Call it the revenge of our sources. For a very long time, we got them to work for nothing more than exposure -- and sometimes, we didn't even give them that. Now they're getting more and more of us to do it.
Ask somebody who writes for a magazine or a newspaper what they do and it's rare, at least in my experience, to hear them say they're a "writer." Instead, they say they're a "reporter" or a "journalist." The difference between "writer" and "reporter" or "journalist" isn't that the journalist reports -- she develops sources, calls people, takes them out to lunch, and generally acts as an intermediary between her audience and the world of experts.
The journalist also writes, of course, but anybody can write. Or, if not anybody, then certainly too many people for comfort. But few can get their calls returned by key congressmen, top academics, important CEOs or even, absent the legitimacy of a media organization people have heard of, a factory worker sitting at home on a Tuesday night. That is the powerful advantage that the journalist has over her audience: She's got sources and they don't.
If the transaction between the journalist and the audience is that the journalist has the time, talent, and access to clearly communicate the ideas of newsmakers and experts, what then is the transaction between the journalist and those newsmakers and experts? After all, the journalist, and her institution, are profiting, hopefully handsomely, off their contribution to the enterprise. It's not going too far to say that the whole business would collapse without their participation. Journalists without sources are, well, mere writers.
Moreover, those sources are giving up something of value. They're giving up time, for one thing. The fine folks at the Center on Budget and Policy Priorities have spent countless hours walking me through the minutia of the federal budget. They're giving up information that, in other contexts, people pay them for -- consider a CEO who gives paid lectures or a tenured academic at a private college. They are exposing themselves to considerable professional risk, both by telling the journalist things they're not supposed to share and simply by making themselves vulnerable to being misquoted or misinterpreted in public.
So how does the journalist compensate these sources, given how much they contribute to the final product, and given the very real costs and dangers of that contribution? Well, the natural answer in a market economy would be that the sources to get paid. But, in a brilliant (and proper) maneuver, journalism as a profession has deemed it unethical to pay sources for information. We've cartelized the decision not to pay sources for their time and risk. Paying sources, we've decided, is the province of bottomfeeders like the National Enquirer, and we've created such strong norms around that judgment that no one who wants to be taken seriously dares cross it. If I paid a source to talk to me and that information became public, I'd be fired.
No, the transaction between journalists and their sources is that the sources work for exposure -- either for themselves or for their ideas -- and the journalists repackage that work and sell it for money.
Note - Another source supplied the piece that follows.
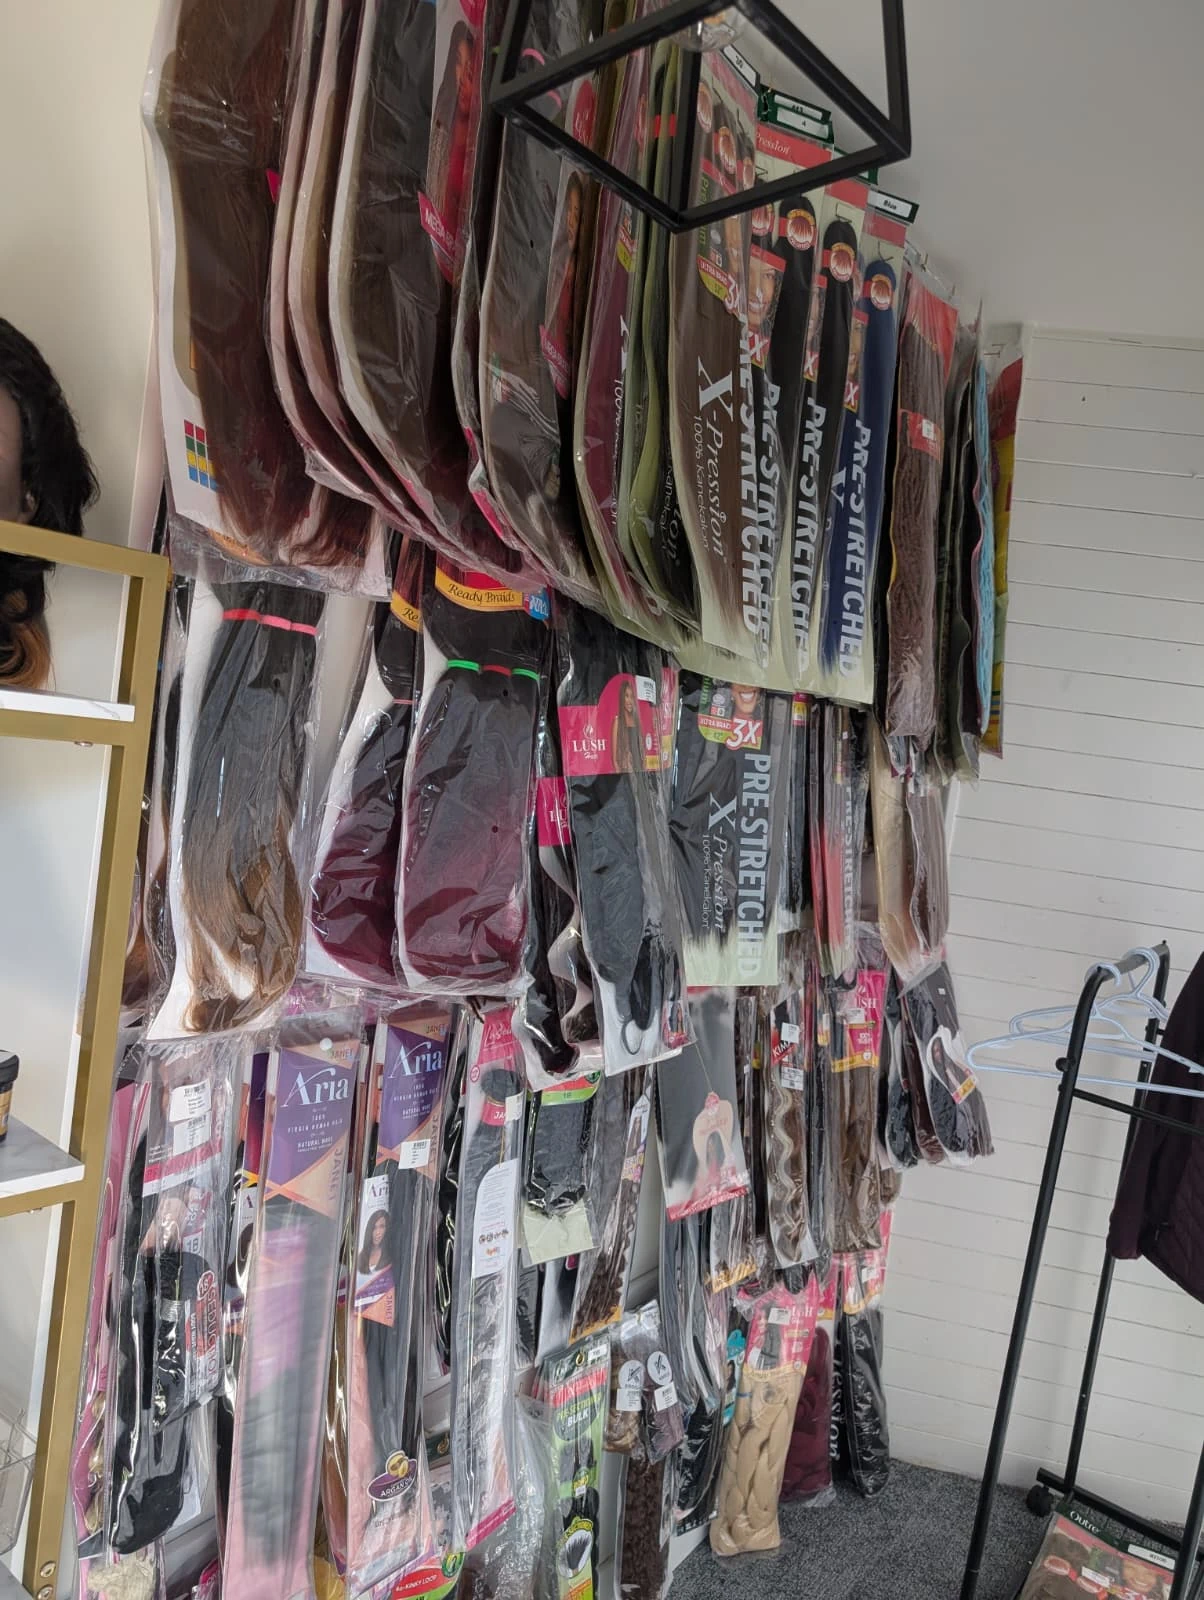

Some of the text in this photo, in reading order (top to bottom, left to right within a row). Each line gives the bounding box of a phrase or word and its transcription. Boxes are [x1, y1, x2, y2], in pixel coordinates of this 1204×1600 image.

And the exposure isn't even a sure thing: Sources rarely have any guarantee that they will appear in the final article, and if they do make it into the final piece, they have no control over which two sentences from their hourlong interview will be chosen. Many are the sources who talked to a journalist for hours only to find themselves left out of the final piece or quoted on some bit of useless trivia. Many are the sources who worked hard to help a journalist on a piece only to be misquoted, or embarrassed by the inarticulate or indiscreet quote the journalist chose to publish.
But exposure in the media really is a valuable thing, and except for entering the op-ed submission lottery, what other option did non-journalists have? If sources separate a journalist and her audience, then access to newsprint separates a journalist from her sources.
That, at least, was the situation until the Internet made the supply of "newsprint" virtually infinite. Now, the people who were once sources can write their own blogs, or they send op-ed submissions or even feature articles to editors looking for vastly more content. Think about Brad DeLong's blog, Marginal Revolution, or the Monkey Cage. This work often doesn't pay -- at least not at first -- but it offers a much more reliable, predictable and controllable form of exposure. It's a direct relationship with an audience rather than one mediated by a professional journalist.
If you look at who's turning out copy for major media outlets but isn't being paid, it's not, by and large, professional journalists, or even wannabe professional journalists. The former typically won't write without pay and editors generally don't want to publish the latter. It's people who, in another world, would be sources for professional journalists. It's academics and business consultants and market analysts and former politicians. They have the expertise that makes editors --and readers -- trust them. They have good ideas for articles. They have day jobs that are happy to subsidize the time they spending working for media exposure. And they're often very good writers.
There are also, as it happens, a lot of them. And so they've created a reality where editors can get a fair amount of high-quality copy from people who don't demand to be paid, or at least don't demand to be paid very much. That's given Web editors the idea that you actually can get good content for nothing, particularly if you're just asking people to repackage work they've already done -- that's the precise situation in which academics are most likely to write pieces for free. And that's part of how you get a young editor asking Thayer if he could hand over a short version of his feature article for nothing more than exposure.
Working for exposure has long been a crucial element of how professional journalists made their money. It's just that before, we were the ones profiting off of that work, at least in part, and now, we're often not.